The IoT is generating a phenomenal volume of data that has tremendous value associated with it. Data generated from those devices, sensors and actions can give enterprise tremendous visibility and insight.
When we take the data generated from IoT and apply it in a way that creates more timely, cleaner, more economical and better-value ways to interact then it becomes truly transformational.
> See also: The UK’s top 50 data leaders and influencers
But to get to that point they have to be able to collect it all as it’s happening, in real time, and have visibility into it while it’s still in motion. And they must have the platform and technology to make decisions pre-emptively or be able to predict something that’s going to happen so that they can either expand it, extend it or intervene and not have that outcome happen.
All of the data that gives them that visibility is here in enterprise today – the challenge is bringing it under management and having the ability to act on it. That is where our combined open source platforms come in, allowing people to do that economically for about a tenth of the price they could do in their old proprietary world.

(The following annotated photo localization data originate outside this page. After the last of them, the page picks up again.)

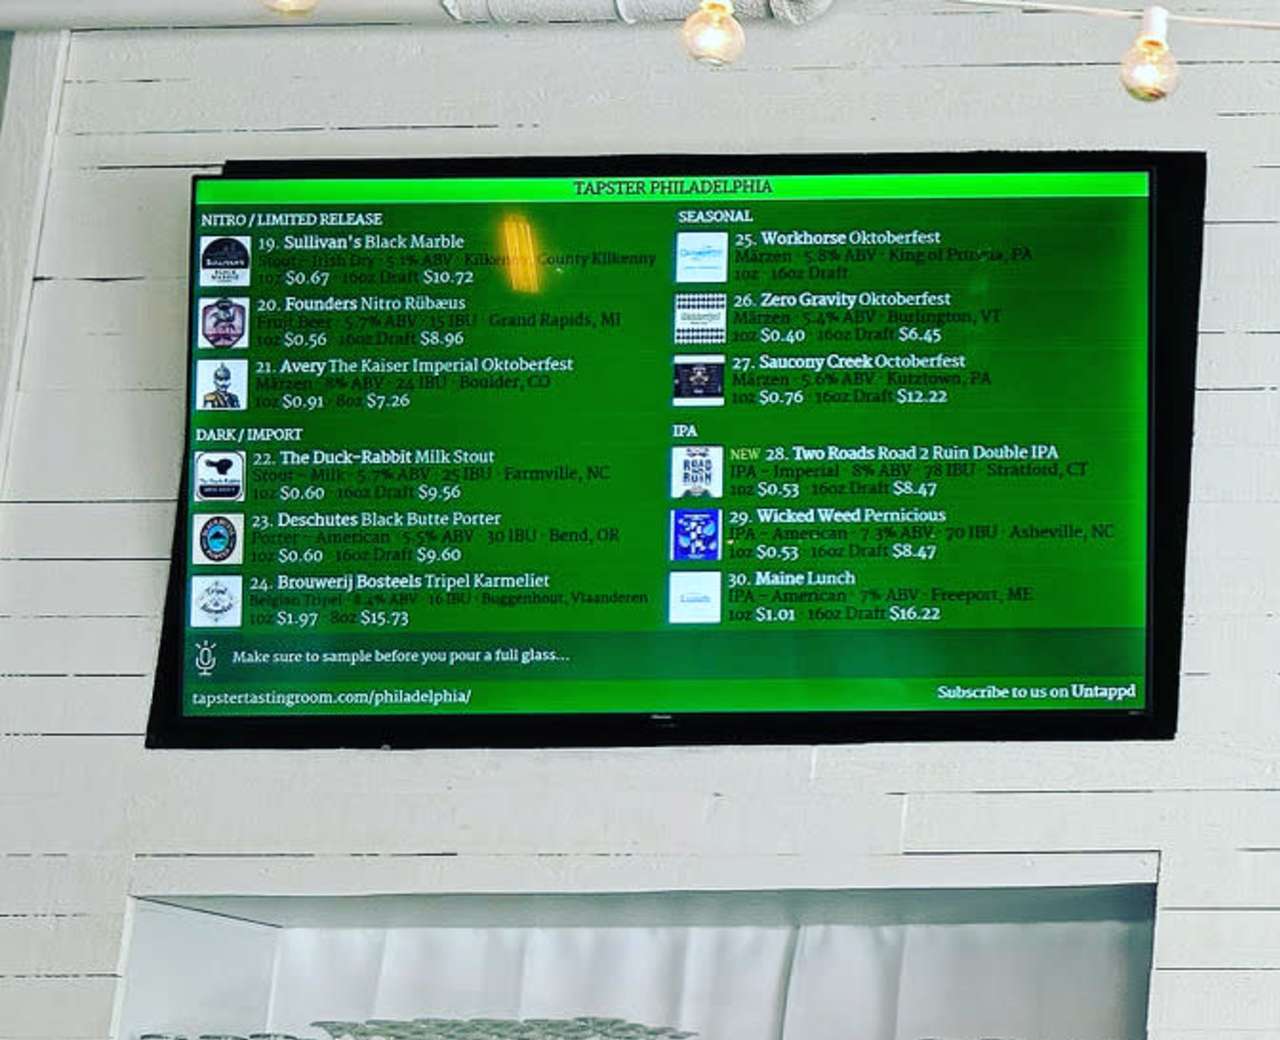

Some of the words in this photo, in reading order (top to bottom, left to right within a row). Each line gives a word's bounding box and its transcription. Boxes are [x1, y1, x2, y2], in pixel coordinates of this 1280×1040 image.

[574, 181, 648, 195] TAPSTER
[650, 179, 772, 195] PHILADELPHIA
[201, 213, 247, 227] NITRO
[257, 212, 318, 226] LIMITED
[319, 212, 383, 226] RELEASE
[678, 209, 754, 224] SEASONAL
[259, 237, 280, 253] 19.
[283, 234, 362, 250] Sullivan's
[364, 234, 407, 249] Black
[409, 233, 465, 249] Marble
[735, 233, 757, 249] 25.
[760, 230, 847, 246] Workhorse
[848, 229, 941, 245] Oktoberfest
[423, 269, 474, 286] $10.72
[898, 326, 942, 343] $6.45
[896, 388, 948, 404] $12.22
[195, 428, 237, 442] DARK
[247, 427, 304, 441] IMPORT
[673, 424, 698, 438] IPA
[253, 452, 276, 466] 22.
[279, 450, 310, 465] The
[312, 449, 412, 465] Duck-Rabbit
[414, 449, 451, 464] Milk
[453, 449, 494, 464] Stout
[731, 447, 760, 461] NEW
[418, 483, 461, 502] $9.56
[728, 573, 751, 588] 30.
[755, 570, 805, 586] Maine
[807, 570, 856, 586] Lunch
[192, 689, 472, 708] tapstertastingroom.com/philadelphia/
[937, 685, 1010, 699] Subscribe
[1011, 687, 1028, 698] to
[1030, 687, 1048, 698] us
[1049, 687, 1069, 698] on
[1070, 683, 1137, 701] Untappd

What do you think makes Hortonworks stand out in the crowded Hadoop market?
We are the company that innovates the core architecture of Hadoop and its capability around the volume and type of data – we will always continue to lead that. For our Hadoop distribution, Hadoop distribution, what we have done is really change the architecture in which companies manage data.
Other distributions can be very limited because of the architectural constraints of their platforms to be able to manage only fractured and siloed data sets. We have expanded the way they can manage data and Hadoop by giving enterprise the central data architecture, so they can access all data unencumbered and be able to drive not just batch applications but interactive and real-time applications.
And we have extended that with our Hortonworks DataFlow platform, so now they don’t have to be just a data-at-rest business; they now have the ability to go all the way from the point of origination and manage data all the way through the life cycle, interact with it at any point in time and manage that.
We have got the broadest ecosystem of apps, many of which our partners build, and with the Hortonworks platform they can transform their data architecture.